Two New Codes of Conduct
- While the new set of Principles will be common to individuals and firms, there are to be two new Codes of Conduct.
- The SRA Code of Conduct for Solicitors, RELs and RFLs describes the standards of professionalism required of individuals authorised to provide legal services. The SRA Code of Conduct for Firms describes the standards and business controls the SRA expects of firms authorised to provide legal services; the stated aim of these rules is to create and maintain the “right culture and environment for the delivery of competent and ethical legal services to clients”.
- The Code of Conduct for Firms differs from the Code of Conduct for Solicitors, RELS and RFLs, reflecting the different role firms are expected to play in upholding the SRA’s Principles.
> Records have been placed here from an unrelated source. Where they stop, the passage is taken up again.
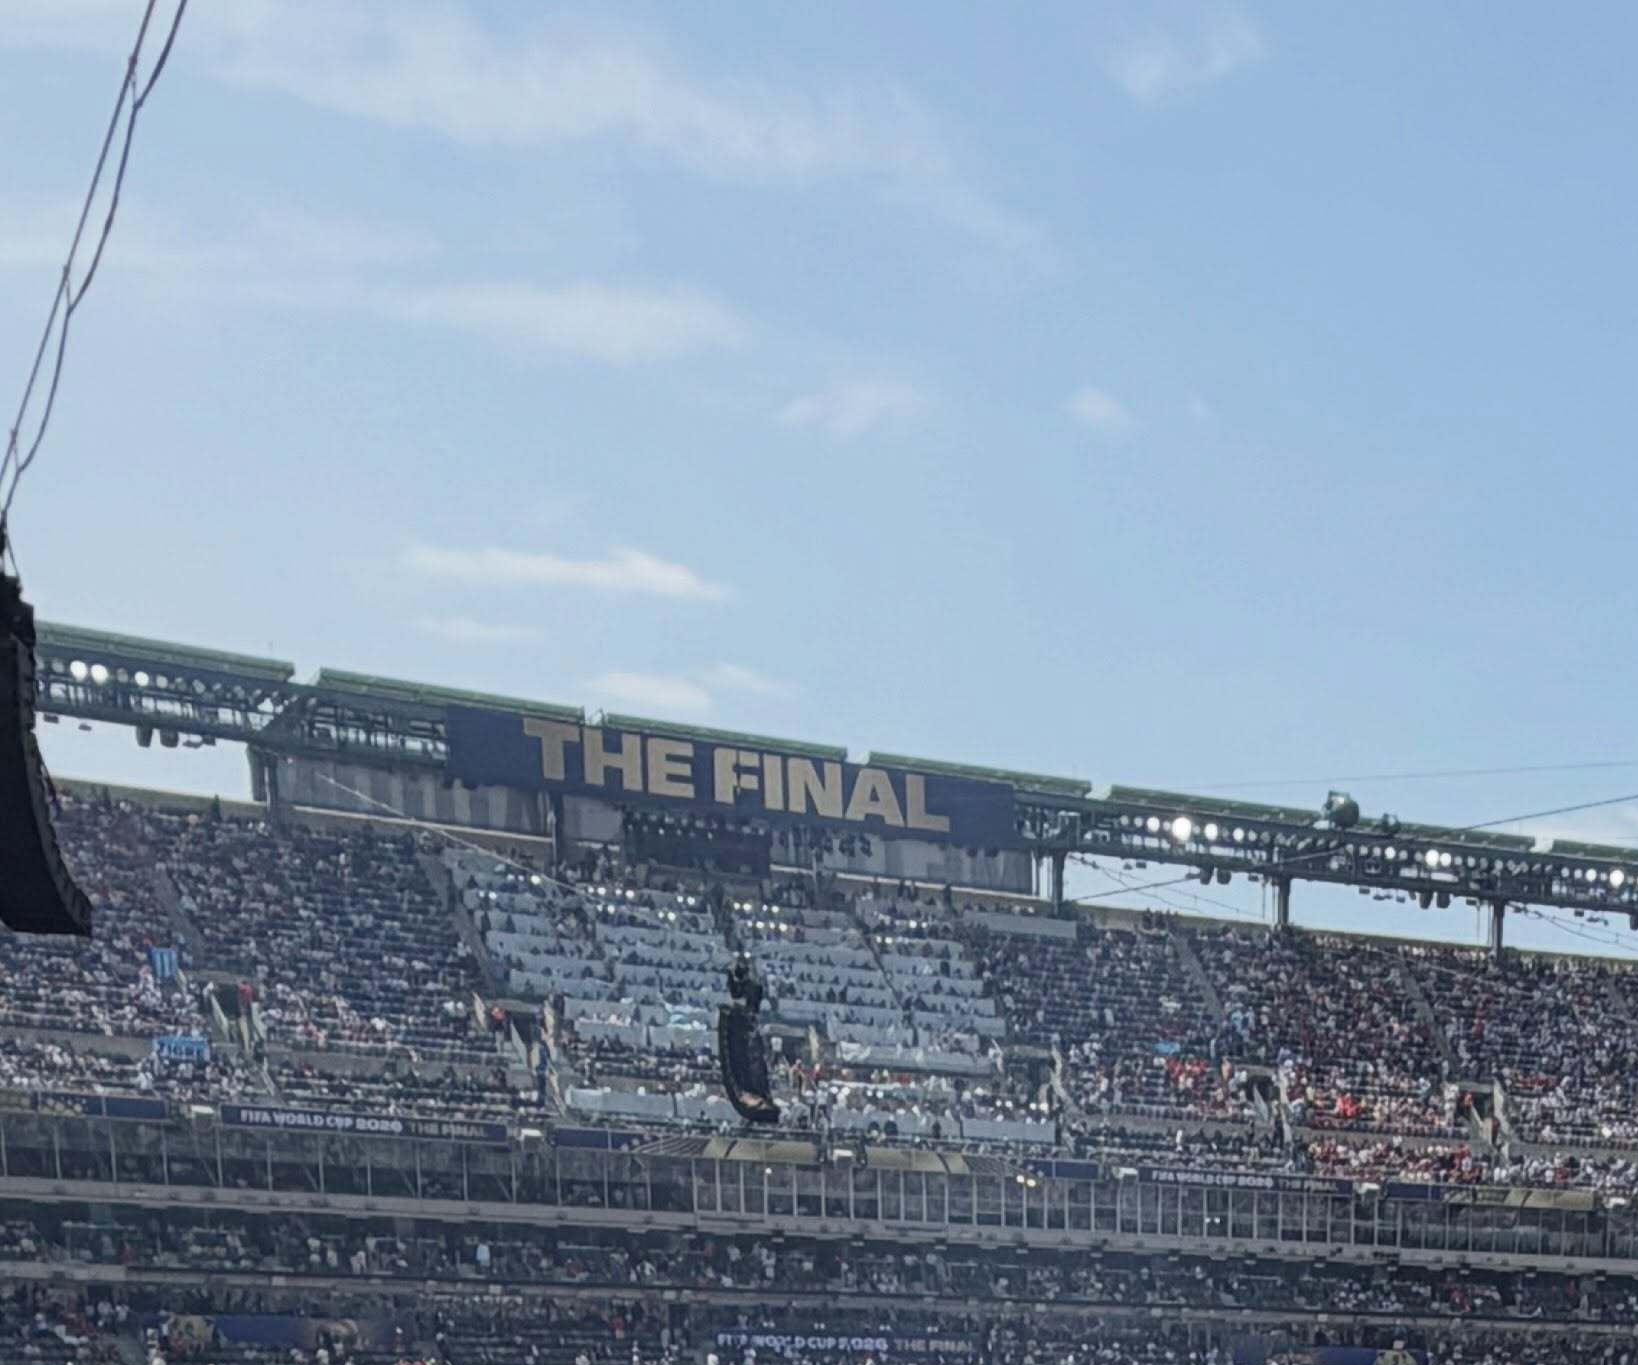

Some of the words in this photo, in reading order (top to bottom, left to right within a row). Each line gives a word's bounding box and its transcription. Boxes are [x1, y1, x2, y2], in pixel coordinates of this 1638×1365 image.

[522, 716, 696, 799] THE
[712, 747, 950, 833] FINAL
[240, 1109, 271, 1125] FIFA
[272, 1111, 324, 1128] WORLD
[325, 1116, 353, 1130] CUP
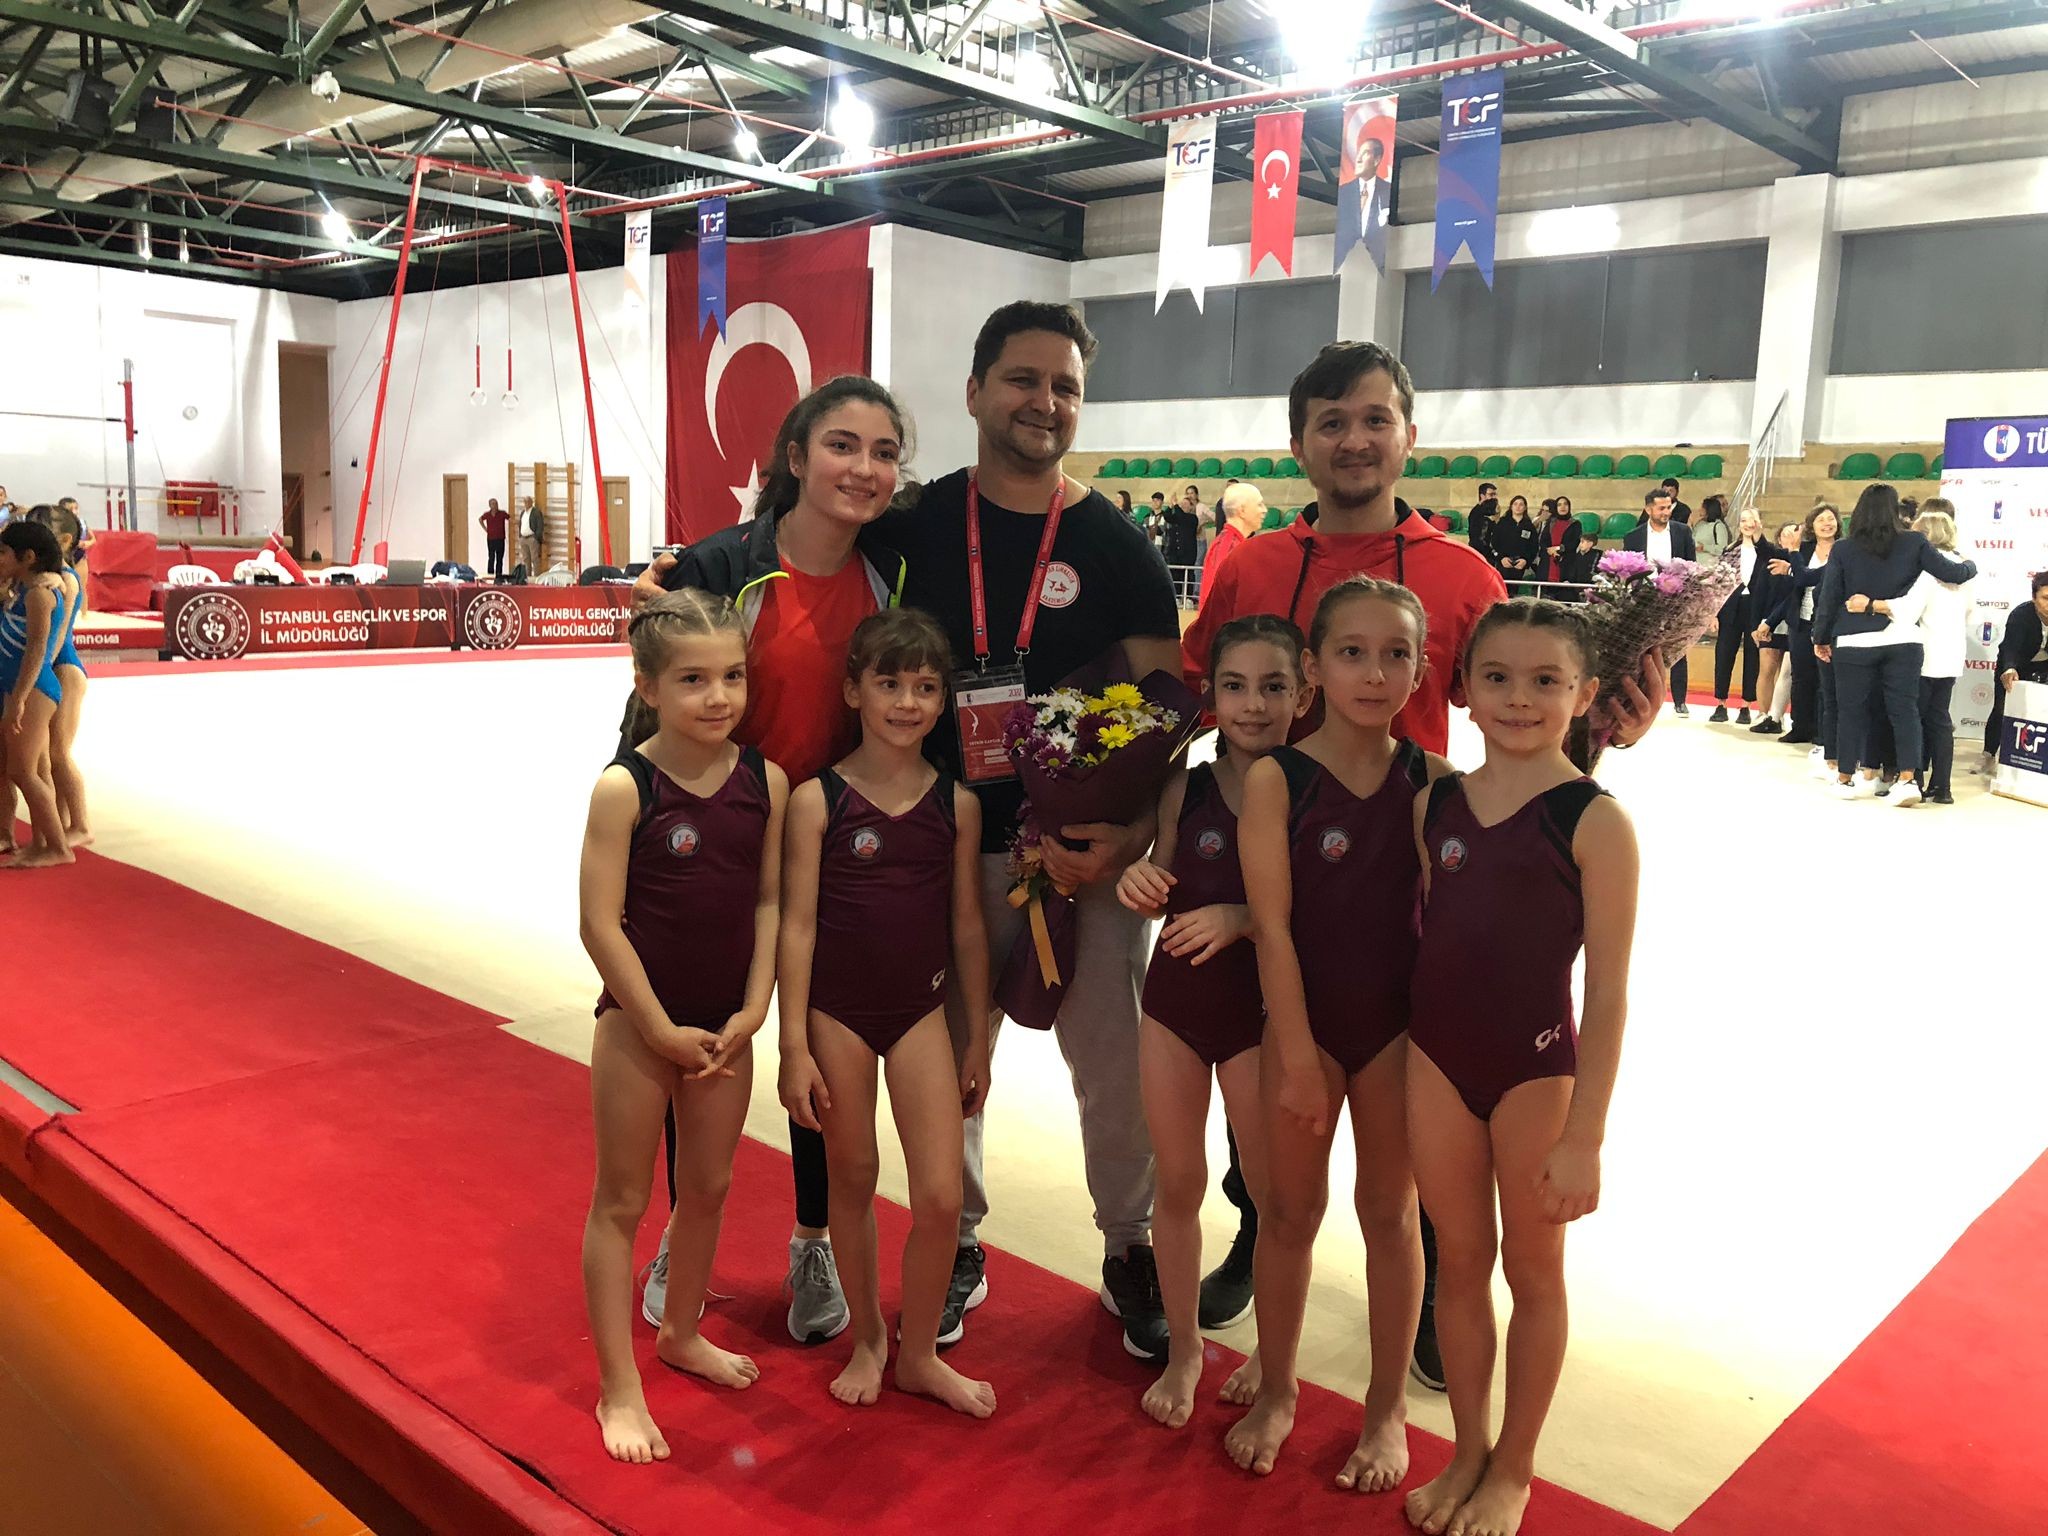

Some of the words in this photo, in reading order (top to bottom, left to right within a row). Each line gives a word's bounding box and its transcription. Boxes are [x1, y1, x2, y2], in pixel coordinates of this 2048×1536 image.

[1447, 92, 1499, 127] TCF
[1172, 138, 1212, 166] TCF
[700, 211, 725, 234] TCF
[627, 225, 649, 243] TCF
[1974, 539, 2014, 549] VESTEL
[260, 608, 331, 625] İSTANBUL
[333, 606, 392, 626] GENÇLİK
[393, 608, 410, 622] VE
[412, 608, 447, 622] SPOR
[529, 605, 585, 620] İSTANBUL
[586, 605, 632, 622] GENÇLİK
[260, 628, 274, 644] İL
[276, 626, 369, 643] MÜDÜRLÜĞÜ
[529, 623, 540, 637] İL
[541, 622, 615, 637] MÜDÜRLÜĞÜ
[1964, 659, 1998, 671] VESTE
[2012, 721, 2048, 753] TCF
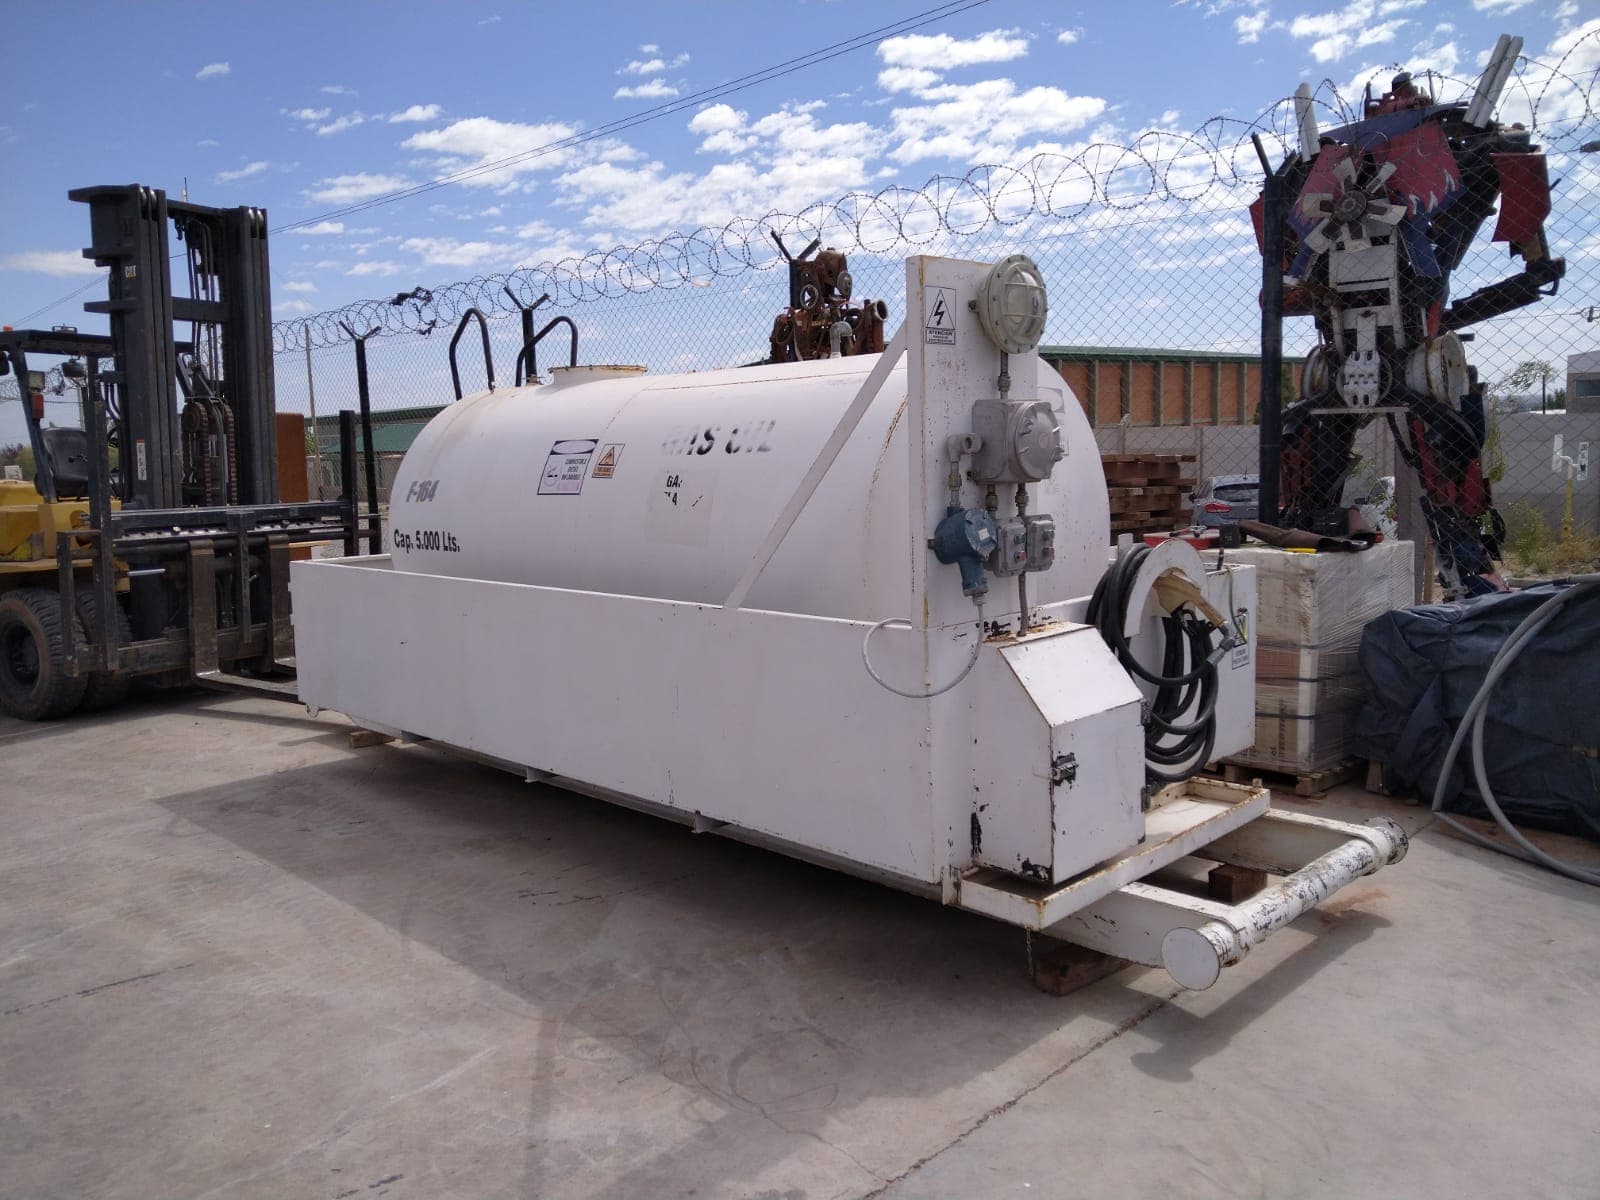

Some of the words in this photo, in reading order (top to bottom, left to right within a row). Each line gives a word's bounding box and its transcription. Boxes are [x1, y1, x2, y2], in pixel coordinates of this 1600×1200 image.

[405, 479, 441, 503] F-164
[393, 528, 414, 554] Cap.
[415, 530, 440, 551] 5.000
[442, 531, 461, 553] Lts.
However, the combined substance of the obligations the two codes impose has not changed radically. Further, both Codes are much shorter and simpler than the existing Code of Conduct. The approach of having lengthy lists of Outcomes accompanied by even more lengthy lists of Indicative Behaviours has been abandoned. Instead, there are much shorter lists of what solicitors or firms can or cannot do, without any gloss. The SRA has sought to accentuate the positives by the trust this approach places in professional judgement. However, this less prescriptive approach will inevitably create room for uncertainty and argument.
New and Shorter Accounts Rules
- The extensive and prescriptive rules are to be replaced by a new and dramatically shorter set of Accounts Rules. The existing 52 Rules (many of which have numerous sub-rules) are to be reduced to just 13.
Freedom for solicitors to carry out Non-Reserved Activities
- An individual solicitor providing non-reserved legal services will no longer be obliged to have his/her practice authorised by the SRA (see reg. 10.2(a) of the new Authorisation of Individuals Regulations). They can still seek authorisation if they wish, perhaps to reassure clients that their practice has the protections that arise from being authorised, such as the requirement to have professional indemnity insurance. However, they will now be free to provide non-reserved legal services on a freelance basis.
Freelance solicitors providing Reserved Legal Services
- Although in general individual solicitors will still only be able to provide reserved legal services through authorised practice, under Regulation 10.2(b) of the new Authorisation of Individuals Regulations, individual solicitors will also be able to provide reserved legal services on a freelance basis so long as they satisfy various requirements. Among other things, the solicitors need: to have practised for 3 years or more since admission, to practise in their own name, to employ no one else in connection with the services they provide, to maintain professional indemnity insurance, and to hold no client money unless it is on account of costs and disbursements. This new freedom is aimed at allowing solicitors to be more flexible and so more competitive, without reducing client protection.
Disciplinary rules
- The amendments to the SRA Regulatory and Disciplinary Procedure Rules go hand in hand with the revised Enforcement Strategy (published in February 2019). As our colleagues Helen Evans and Clare Dixon will address, interesting questions arise as to the taking of enforcement action against firms, on the one hand, and separately against individuals, on the other.